Package 'corporaexplorer' reference manual

Title:	A 'Shiny' App for Exploration of Text Collections
Description:	Facilitates dynamic exploration of text collections through an intuitive graphical user interface and the power of regular expressions. The package contains 1) a helper function to convert a data frame to a 'corporaexplorerobject' and 2) a 'Shiny' app for fast and flexible exploration of a 'corporaexplorerobject'. The package also includes demo apps with which one can explore Jane Austen's novels and the State of the Union Addresses (data from the 'janeaustenr' and 'sotu' packages respectively).
Authors:	Kristian Lundby Gjerde [aut, cre]
Maintainer:	Kristian Lundby Gjerde <[email protected]>
License:	GPL-3 \| file LICENSE
Version:	0.9.0.9000
Built:	2025-03-31 04:25:42 UTC
Source:	https://github.com/kgjerde/corporaexplorer

Demo app: Jane Austen's novels

Description

run_janeausten_app() is a convenience function to directly run the demo app without first creating a corporaexplorerobject. Equals explore(create_janeausten_app()). Interrupt R to stop the application (usually by pressing Ctrl+C or Esc).

Usage

run_janeausten_app(...)

create_janeausten_app()
run_janeausten_app(...)

create_janeausten_app()

Arguments

...

Arguments passed to explore()

Details

The demo app's data are Jane Austen's six novels, retrieved through the "janeaustenr" package (https://github.com/juliasilge/janeaustenr) – which must be installed for these functions to work – and converted to a corporaexplorerobject as shown at https://kgjerde.github.io/corporaexplorer/articles/jane_austen.html.

Value

run_janeausten_app() launches a Shiny app. create_janeausten_app() returns a corporaexplorerobject.

Examples

## Create corporaexplorerobject for demo app:
jane_austen <- create_janeausten_app()

if(interactive()){

## Run the corporaexplorerobject:
explore(jane_austen)

## Or create and run the demo app in one step:

run_janeausten_app()

}
## Create corporaexplorerobject for demo app:
jane_austen <- create_janeausten_app()

if(interactive()){

## Run the corporaexplorerobject:
explore(jane_austen)

## Or create and run the demo app in one step:

run_janeausten_app()

}

Demo apps: State of the Union addresses

Description

Two demo apps exploring the United States Presidential State of the Union addresses. The data are provided by the sotu package, and include all addresses through 2016. Interrupt R to stop the application (usually by pressing Ctrl+C or Esc).

Usage

run_sotu_app(...)

create_sotu_app()

run_sotu_decade_app(...)

create_sotu_decade_app()
run_sotu_app(...)

create_sotu_app()

run_sotu_decade_app(...)

create_sotu_decade_app()

Arguments

...

Arguments passed to explore()

Details

For details, see https://kgjerde.github.io/corporaexplorer/articles/sotu.html.

Value

The run_sotu_* functions launch a Shiny app.

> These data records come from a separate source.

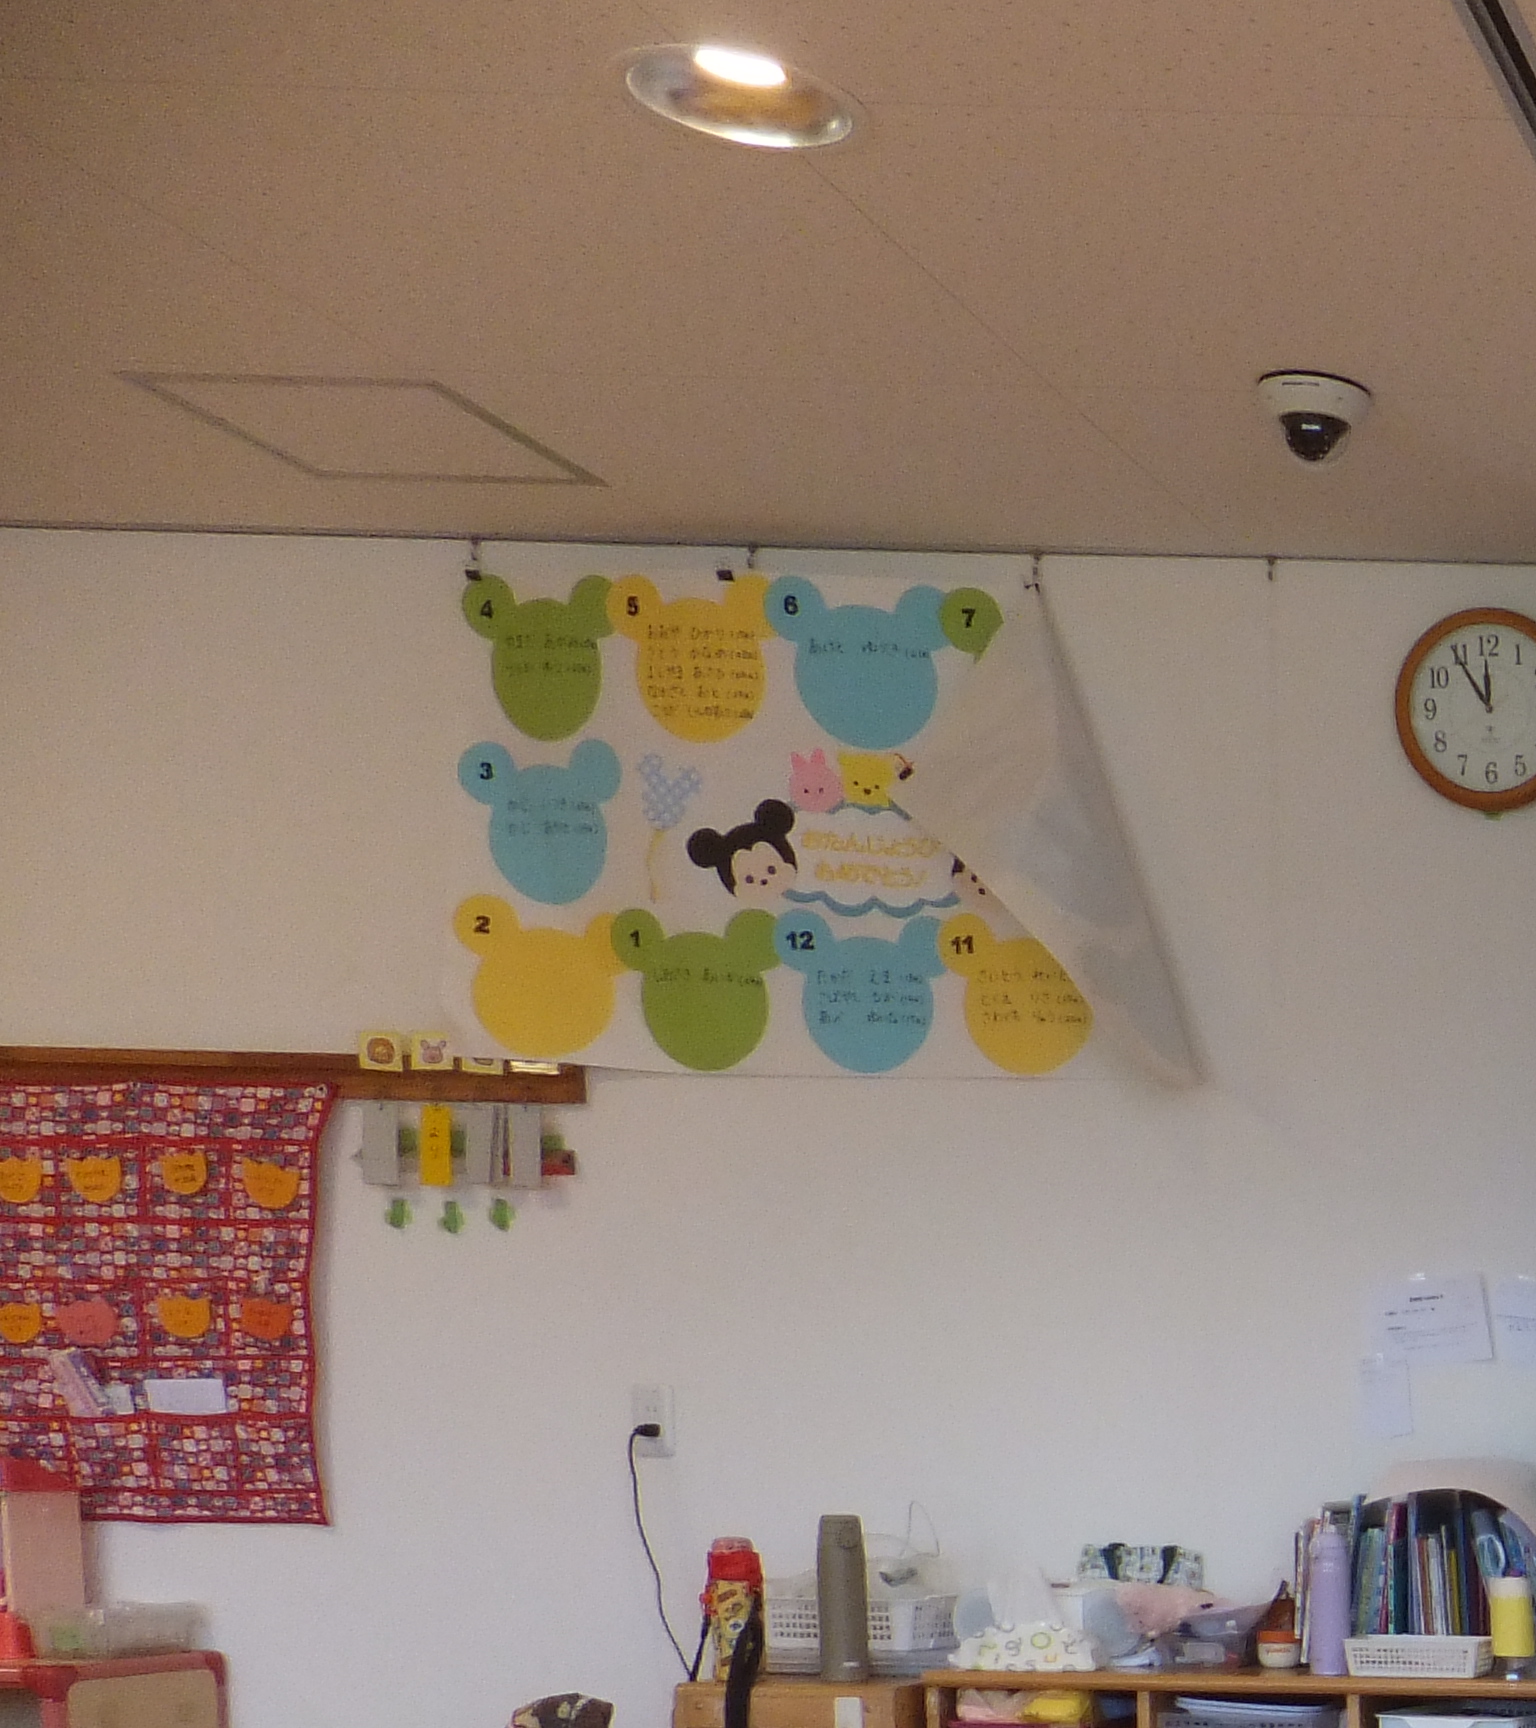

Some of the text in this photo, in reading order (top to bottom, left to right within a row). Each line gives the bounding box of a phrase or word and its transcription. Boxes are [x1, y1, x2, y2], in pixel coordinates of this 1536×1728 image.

[480, 600, 494, 619] 4
[626, 596, 640, 616] 5
[783, 595, 799, 615] 6
[961, 608, 976, 628] 7
[1478, 634, 1499, 657] 12
[1515, 644, 1523, 665] 1
[1429, 667, 1449, 689] 10
[1424, 698, 1437, 721] 9
[1433, 730, 1447, 753] 8
[479, 763, 494, 781] 3
[1457, 754, 1468, 776] 7
[1484, 761, 1498, 784] 6
[1514, 754, 1527, 777] 5
[473, 916, 490, 934] 2
[629, 929, 640, 948] 1
[785, 930, 815, 950] 12
[951, 935, 975, 955] 11
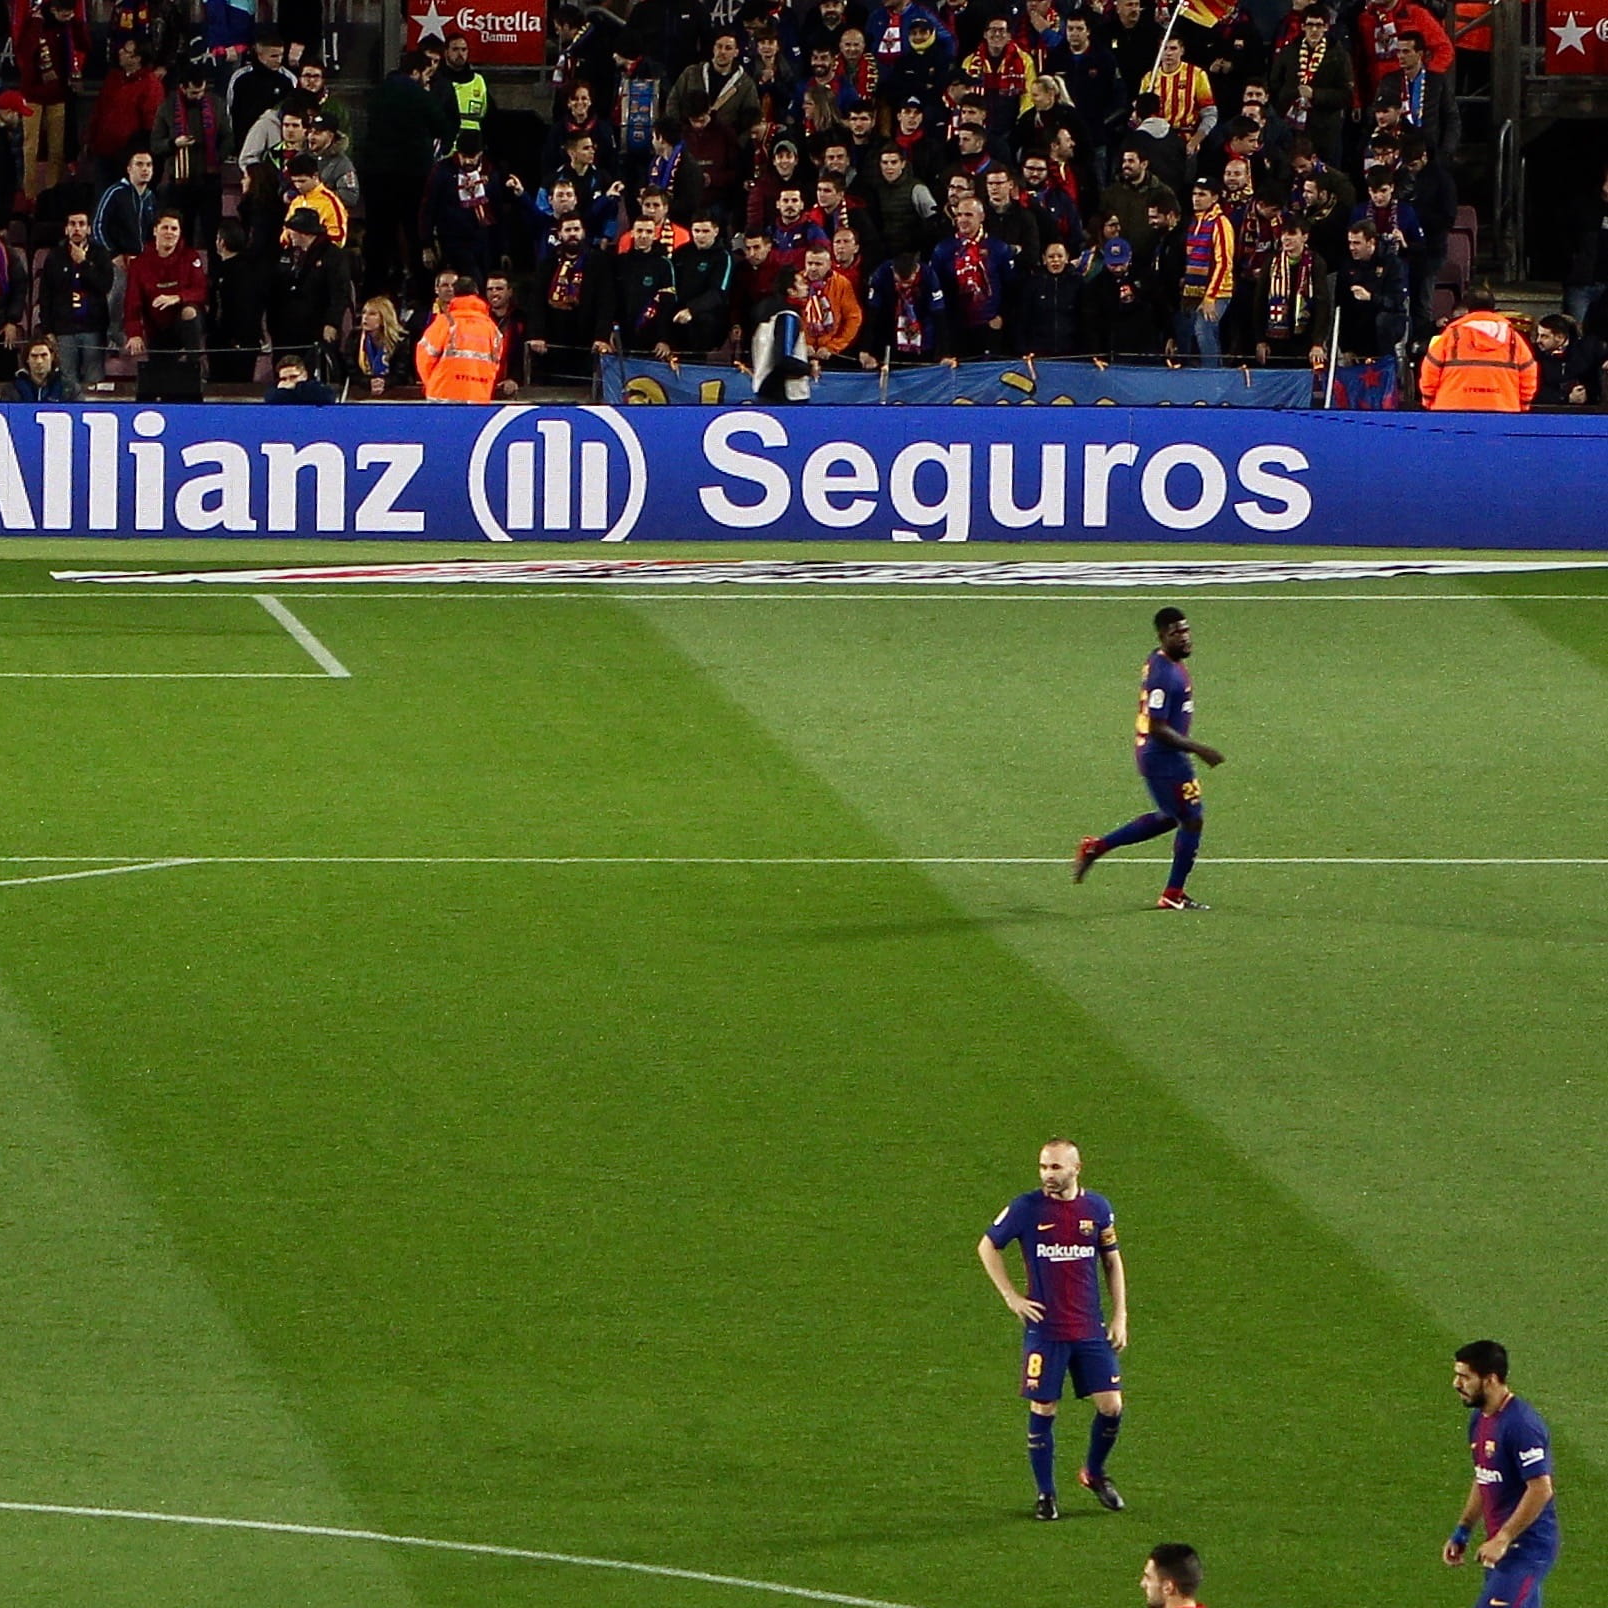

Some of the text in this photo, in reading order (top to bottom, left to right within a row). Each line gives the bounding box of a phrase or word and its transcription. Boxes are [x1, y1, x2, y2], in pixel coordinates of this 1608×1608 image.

[456, 7, 542, 31] Estrella
[481, 31, 518, 43] Damm
[698, 411, 1313, 542] Seguros
[1036, 1244, 1095, 1258] Rakuten
[1027, 1353, 1043, 1378] 8
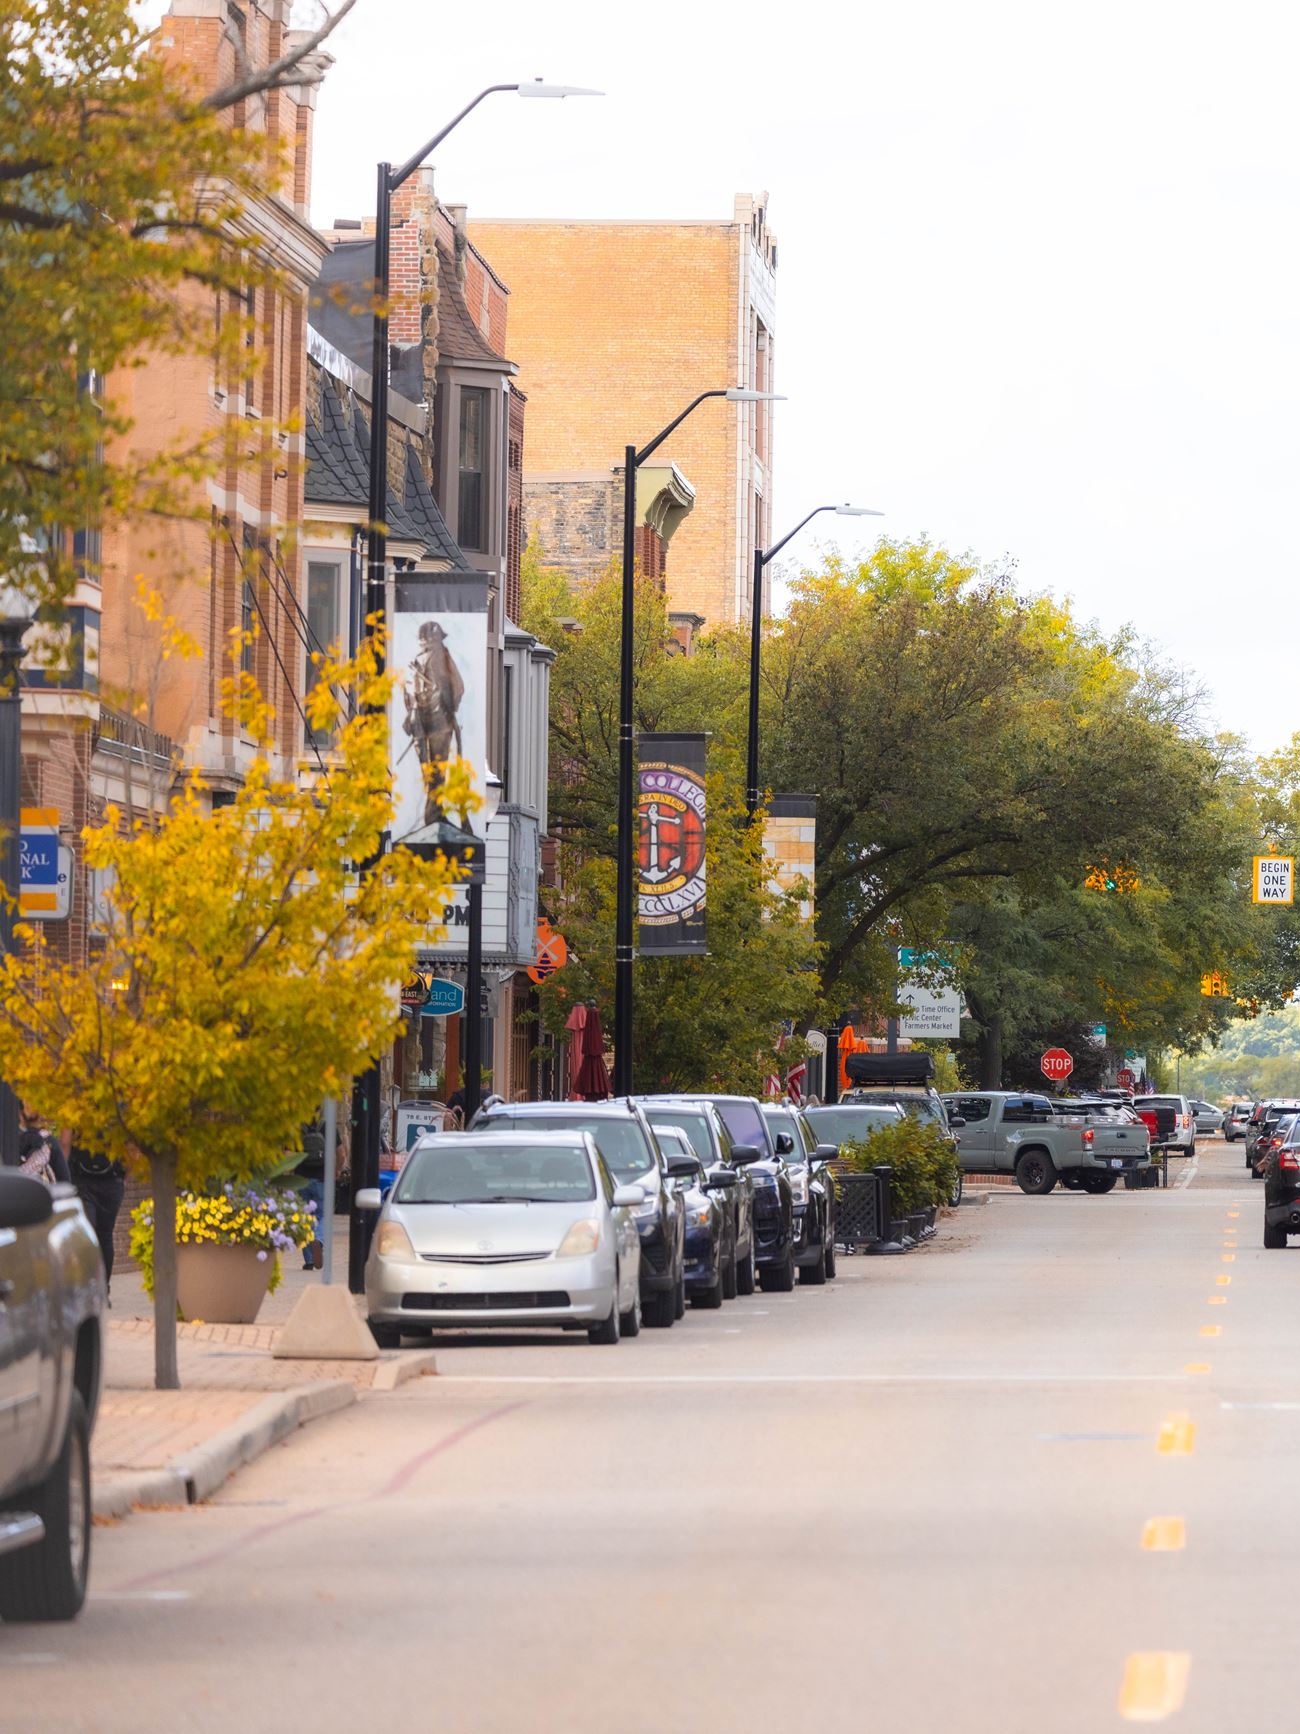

The create_sotu_* functions return a corporaexplorerobject.

Launch Shiny app for exploration of text collection

Description

Launch Shiny app for exploration of text collection. Interrupt R to stop the application (usually by pressing Ctrl+C or Esc).

explore() explores a 'corporaexplorerobject' created with the prepare_data() function. App settings optionally specified in the arguments to explore().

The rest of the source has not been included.